━━ Data to examine

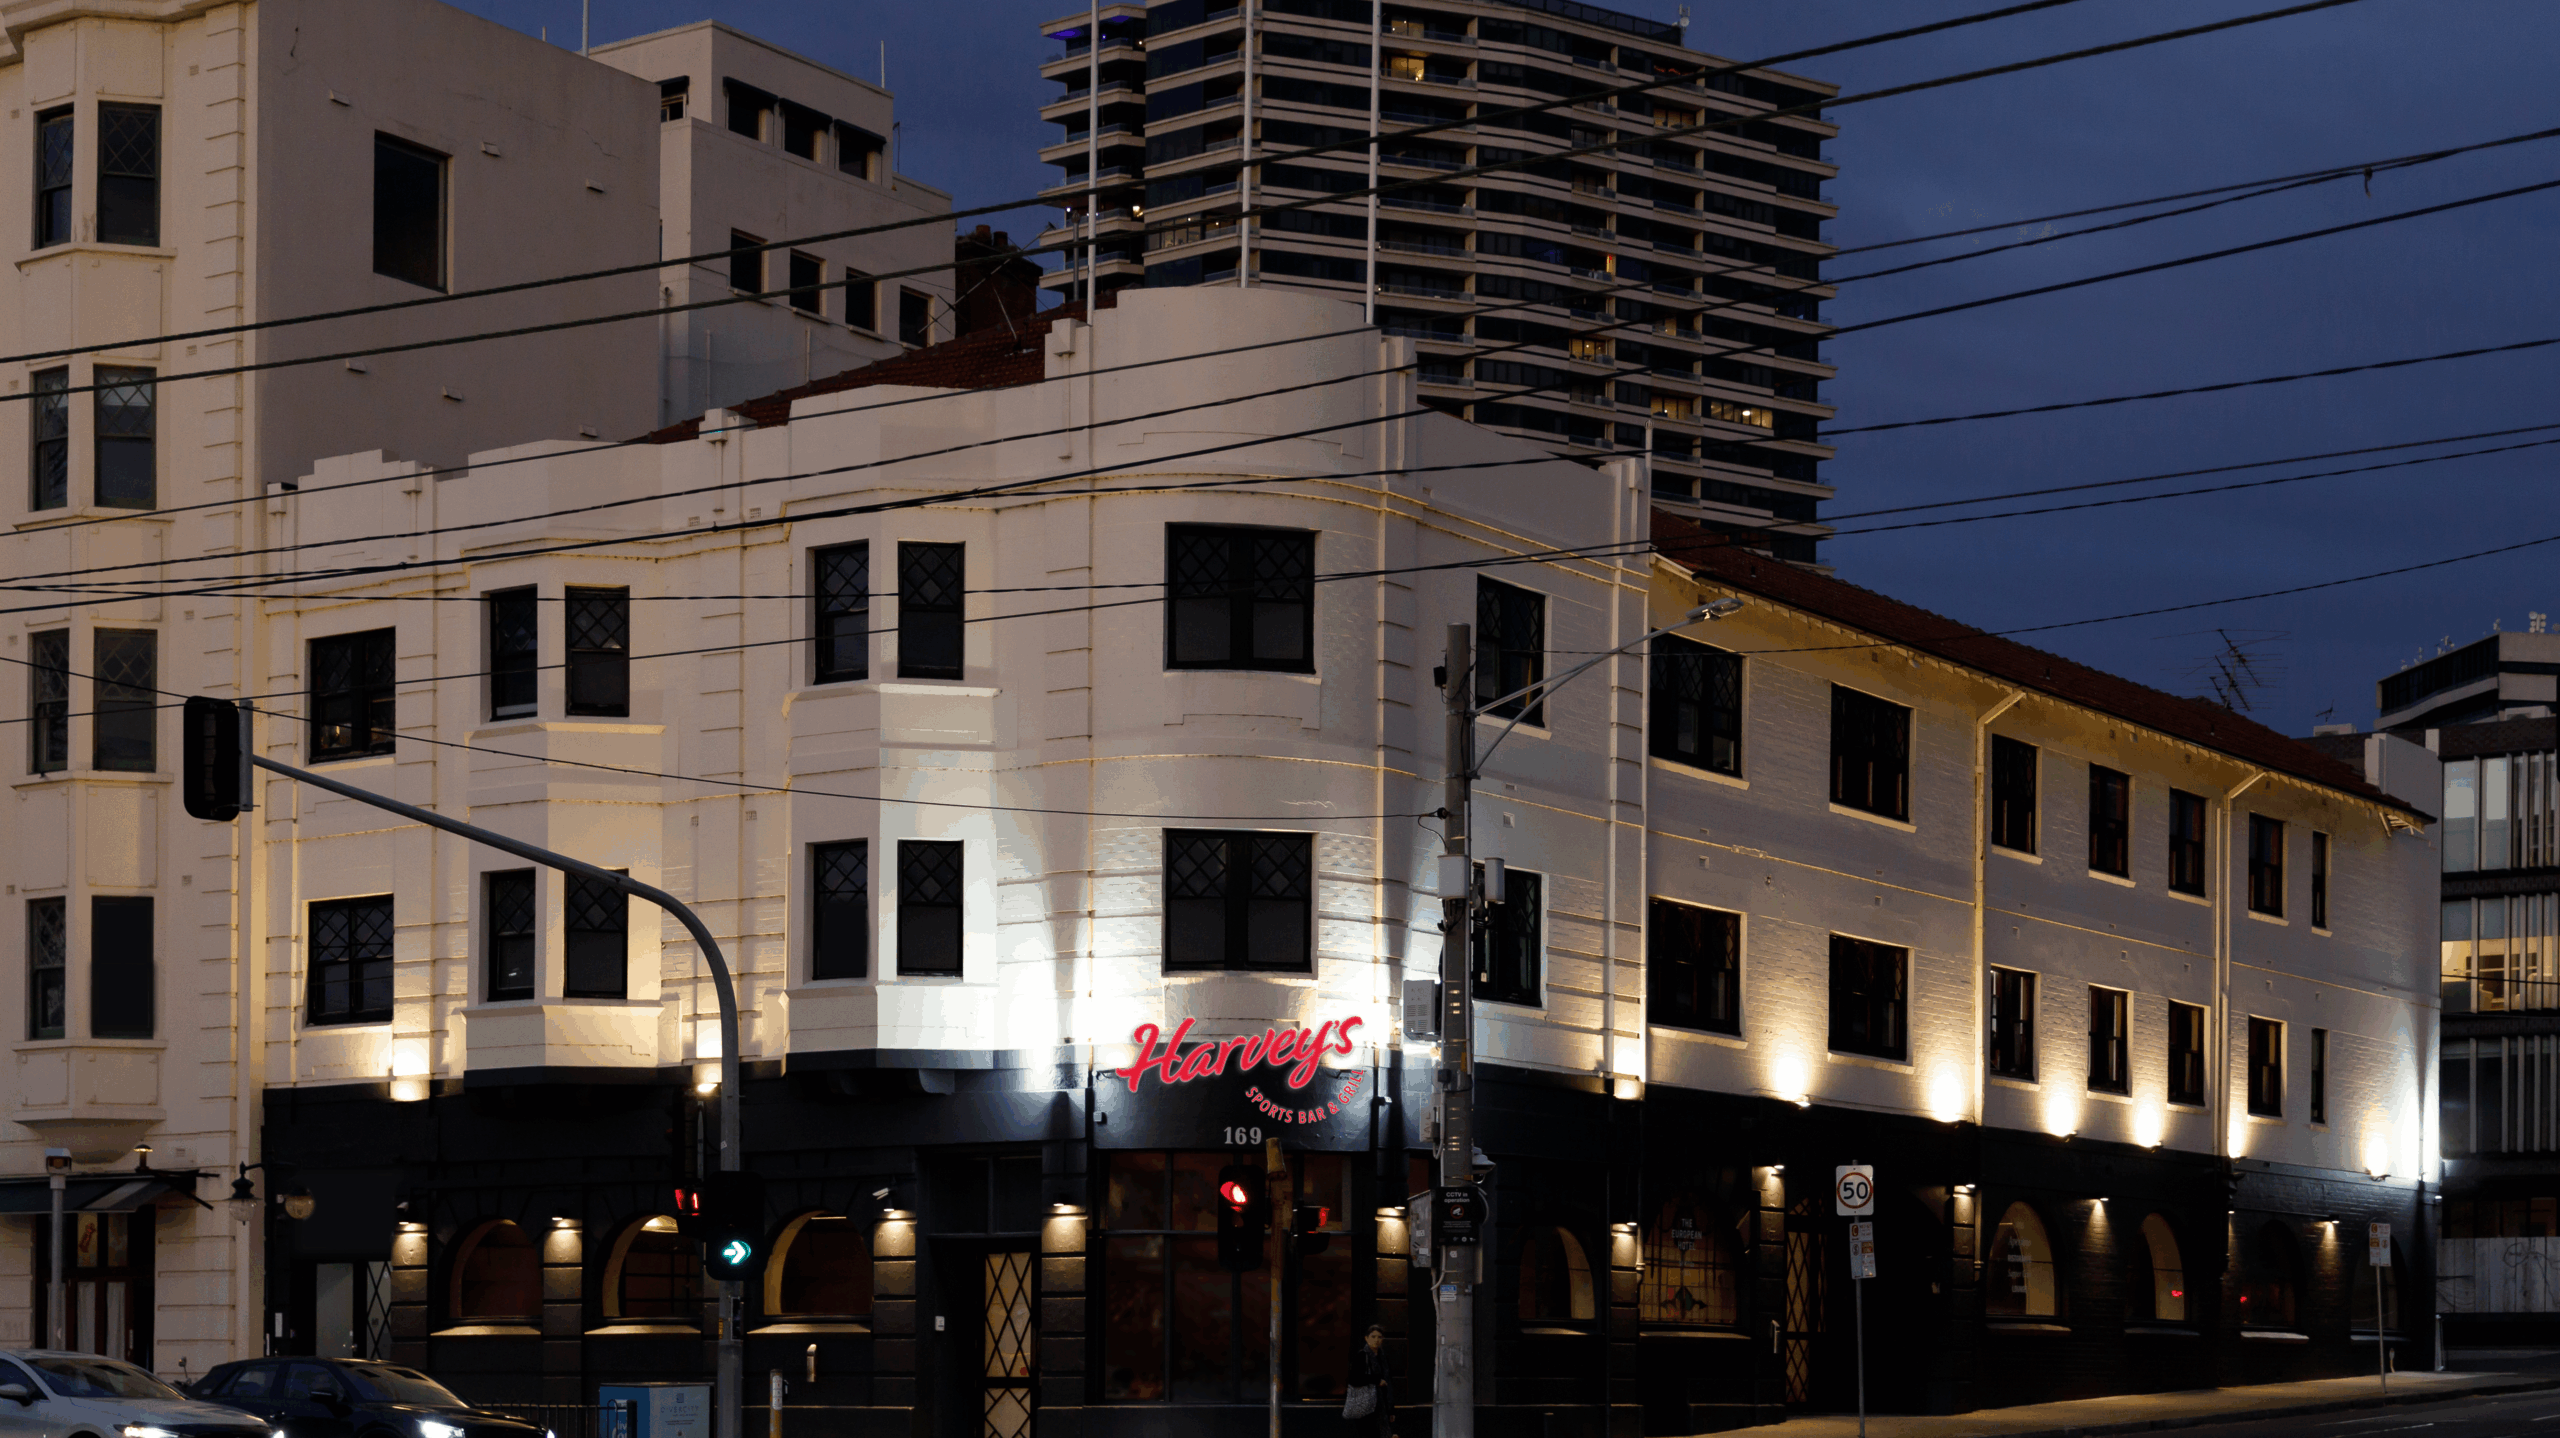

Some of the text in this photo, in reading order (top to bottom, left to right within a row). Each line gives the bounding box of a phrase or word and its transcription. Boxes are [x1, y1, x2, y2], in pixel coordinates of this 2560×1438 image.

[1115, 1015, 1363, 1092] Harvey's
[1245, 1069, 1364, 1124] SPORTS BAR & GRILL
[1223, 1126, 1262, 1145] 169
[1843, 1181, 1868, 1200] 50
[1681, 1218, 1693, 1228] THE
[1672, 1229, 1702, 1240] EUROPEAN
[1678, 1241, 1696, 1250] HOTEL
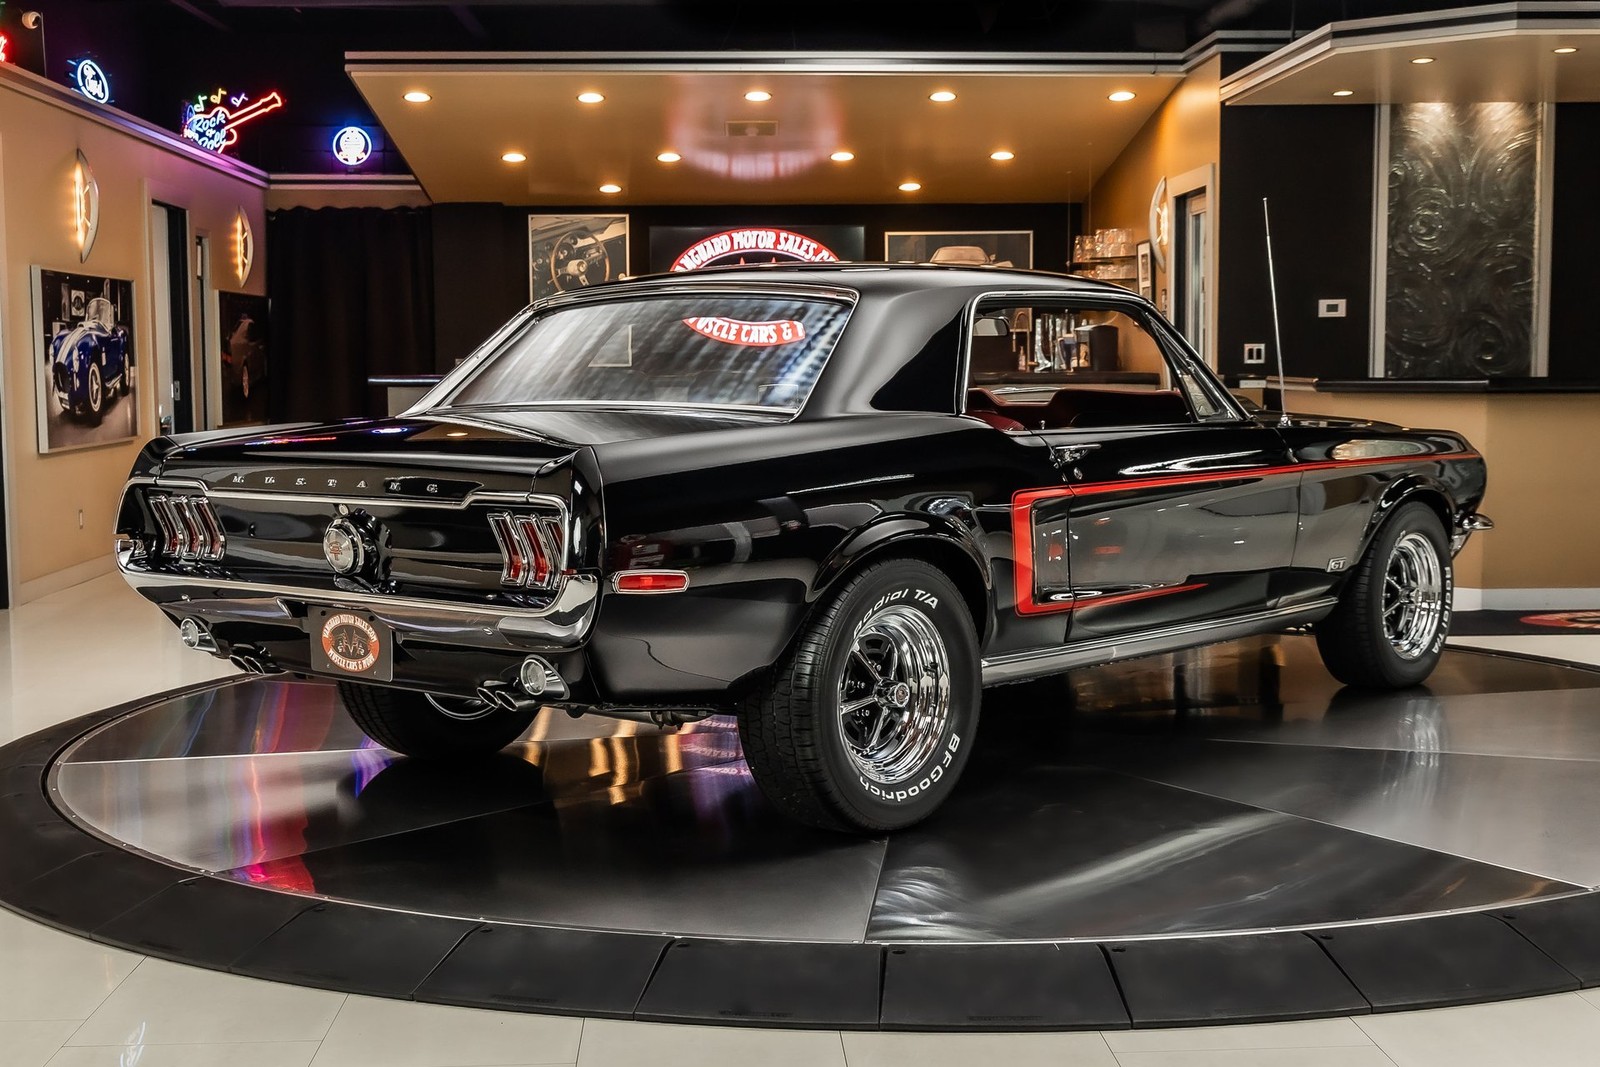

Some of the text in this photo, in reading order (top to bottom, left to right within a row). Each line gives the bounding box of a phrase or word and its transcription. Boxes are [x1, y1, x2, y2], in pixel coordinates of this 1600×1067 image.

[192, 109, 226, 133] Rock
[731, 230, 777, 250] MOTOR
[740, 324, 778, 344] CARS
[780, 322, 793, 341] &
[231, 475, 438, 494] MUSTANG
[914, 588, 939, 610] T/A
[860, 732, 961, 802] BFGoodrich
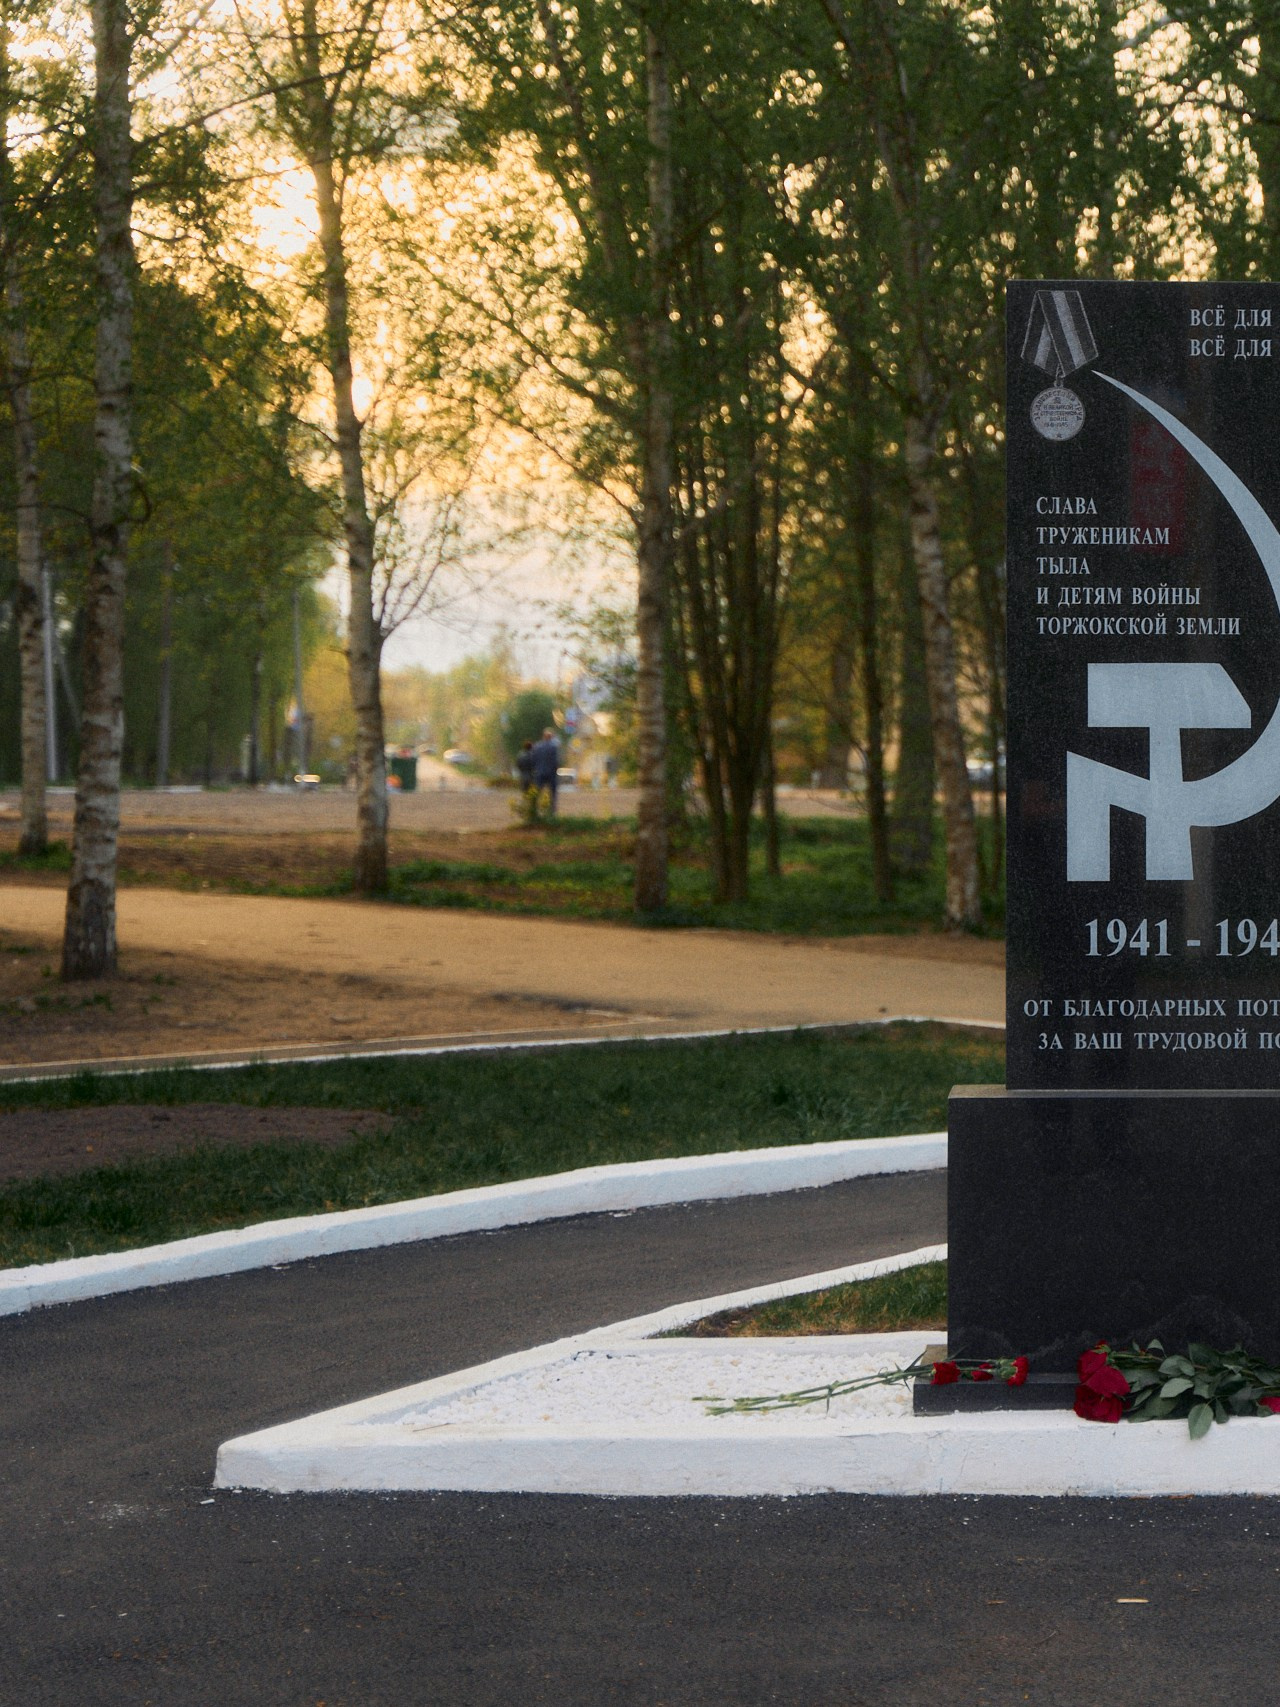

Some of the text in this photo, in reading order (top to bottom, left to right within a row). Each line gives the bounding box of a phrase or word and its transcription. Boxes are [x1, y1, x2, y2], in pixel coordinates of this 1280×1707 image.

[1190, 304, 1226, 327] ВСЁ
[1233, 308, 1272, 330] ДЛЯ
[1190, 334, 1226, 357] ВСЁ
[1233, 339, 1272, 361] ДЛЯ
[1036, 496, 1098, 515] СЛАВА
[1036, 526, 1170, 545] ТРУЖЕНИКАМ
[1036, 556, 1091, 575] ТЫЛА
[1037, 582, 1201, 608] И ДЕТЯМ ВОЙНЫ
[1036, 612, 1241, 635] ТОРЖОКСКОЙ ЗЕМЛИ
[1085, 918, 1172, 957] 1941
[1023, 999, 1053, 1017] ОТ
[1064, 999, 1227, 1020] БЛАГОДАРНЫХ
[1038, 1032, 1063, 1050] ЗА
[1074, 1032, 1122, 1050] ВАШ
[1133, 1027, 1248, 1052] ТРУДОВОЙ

━━━━

**Exercise aim:** Repeat the data above exactly; images are not part of the copy.

**Expected output:**
Some of the text in this photo, in reading order (top to bottom, left to right within a row). Each line gives the bounding box of a phrase or word and its transcription. Boxes are [x1, y1, x2, y2], in pixel coordinates of this 2560×1438 image.

[1115, 1015, 1363, 1092] Harvey's
[1245, 1069, 1364, 1124] SPORTS BAR & GRILL
[1223, 1126, 1262, 1145] 169
[1843, 1181, 1868, 1200] 50
[1681, 1218, 1693, 1228] THE
[1672, 1229, 1702, 1240] EUROPEAN
[1678, 1241, 1696, 1250] HOTEL

Some of the text in this photo, in reading order (top to bottom, left to right within a row). Each line gives the bounding box of a phrase or word and its transcription. Boxes are [x1, y1, x2, y2], in pixel coordinates of this 1600×1067 image.

[192, 109, 226, 133] Rock
[731, 230, 777, 250] MOTOR
[740, 324, 778, 344] CARS
[780, 322, 793, 341] &
[231, 475, 438, 494] MUSTANG
[914, 588, 939, 610] T/A
[860, 732, 961, 802] BFGoodrich

Some of the text in this photo, in reading order (top to bottom, left to right within a row). Each line gives the bounding box of a phrase or word and its transcription. Boxes are [x1, y1, x2, y2], in pixel coordinates of this 1280×1707 image.

[1190, 304, 1226, 327] ВСЁ
[1233, 308, 1272, 330] ДЛЯ
[1190, 334, 1226, 357] ВСЁ
[1233, 339, 1272, 361] ДЛЯ
[1036, 496, 1098, 515] СЛАВА
[1036, 526, 1170, 545] ТРУЖЕНИКАМ
[1036, 556, 1091, 575] ТЫЛА
[1037, 582, 1201, 608] И ДЕТЯМ ВОЙНЫ
[1036, 612, 1241, 635] ТОРЖОКСКОЙ ЗЕМЛИ
[1085, 918, 1172, 957] 1941
[1023, 999, 1053, 1017] ОТ
[1064, 999, 1227, 1020] БЛАГОДАРНЫХ
[1038, 1032, 1063, 1050] ЗА
[1074, 1032, 1122, 1050] ВАШ
[1133, 1027, 1248, 1052] ТРУДОВОЙ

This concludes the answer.